Top of Dataset entries

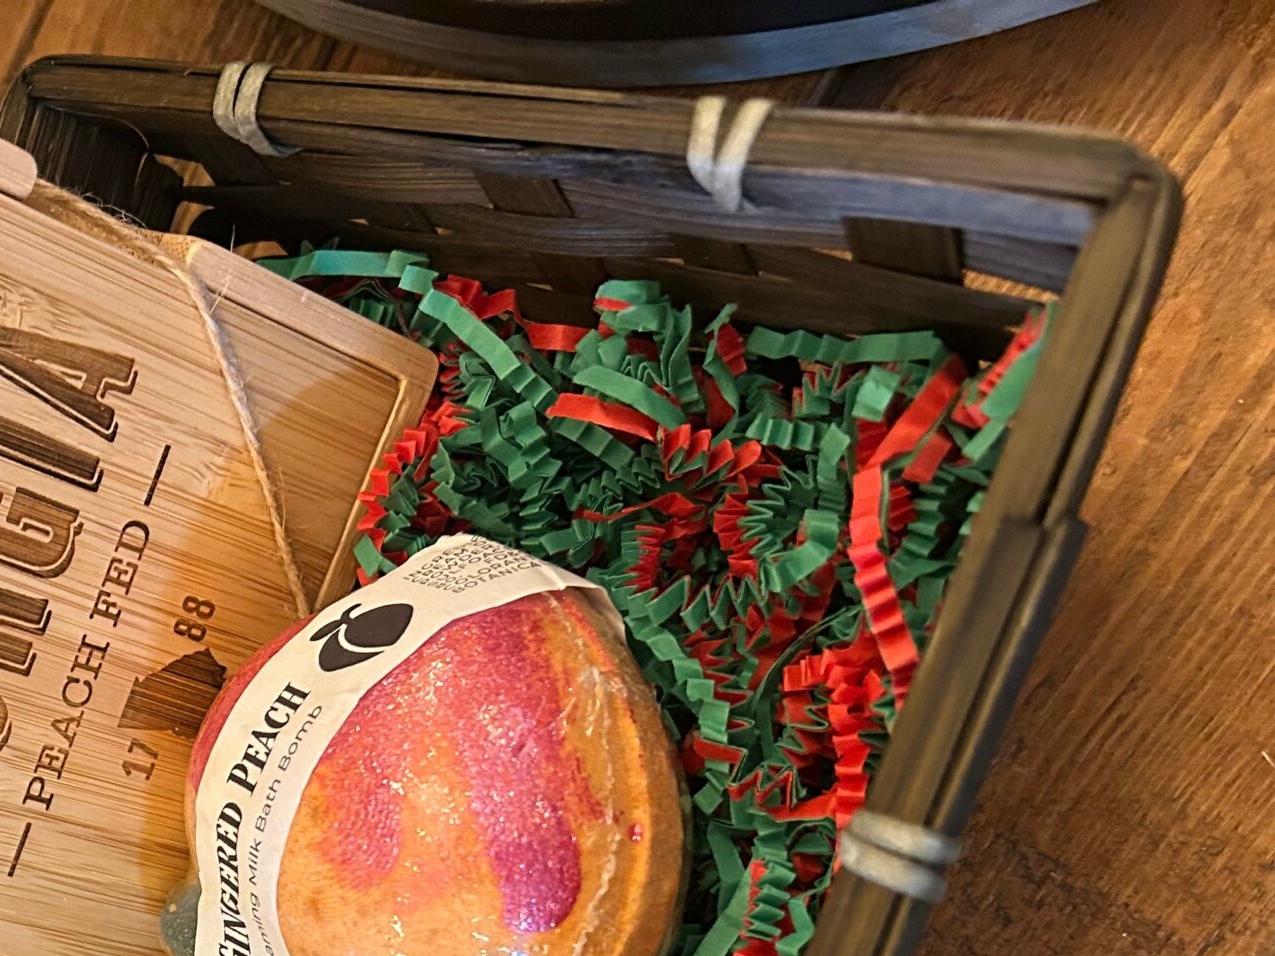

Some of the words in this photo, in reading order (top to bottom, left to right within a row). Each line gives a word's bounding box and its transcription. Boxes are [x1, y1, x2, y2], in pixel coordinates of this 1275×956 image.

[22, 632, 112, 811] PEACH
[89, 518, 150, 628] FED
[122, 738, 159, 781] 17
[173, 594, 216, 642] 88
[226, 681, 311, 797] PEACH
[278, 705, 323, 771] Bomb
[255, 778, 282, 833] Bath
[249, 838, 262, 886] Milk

Bottom of Dataset entries

(What this task involves)
A faithful, complete copy of the records above is required, one that contains no pictures.

(Solution for this task)
Some of the words in this photo, in reading order (top to bottom, left to right within a row). Each line gives a word's bounding box and its transcription. Boxes are [x1, y1, x2, y2], in pixel coordinates of this 1275×956 image.

[22, 632, 112, 811] PEACH
[89, 518, 150, 628] FED
[122, 738, 159, 781] 17
[173, 594, 216, 642] 88
[226, 681, 311, 797] PEACH
[278, 705, 323, 771] Bomb
[255, 778, 282, 833] Bath
[249, 838, 262, 886] Milk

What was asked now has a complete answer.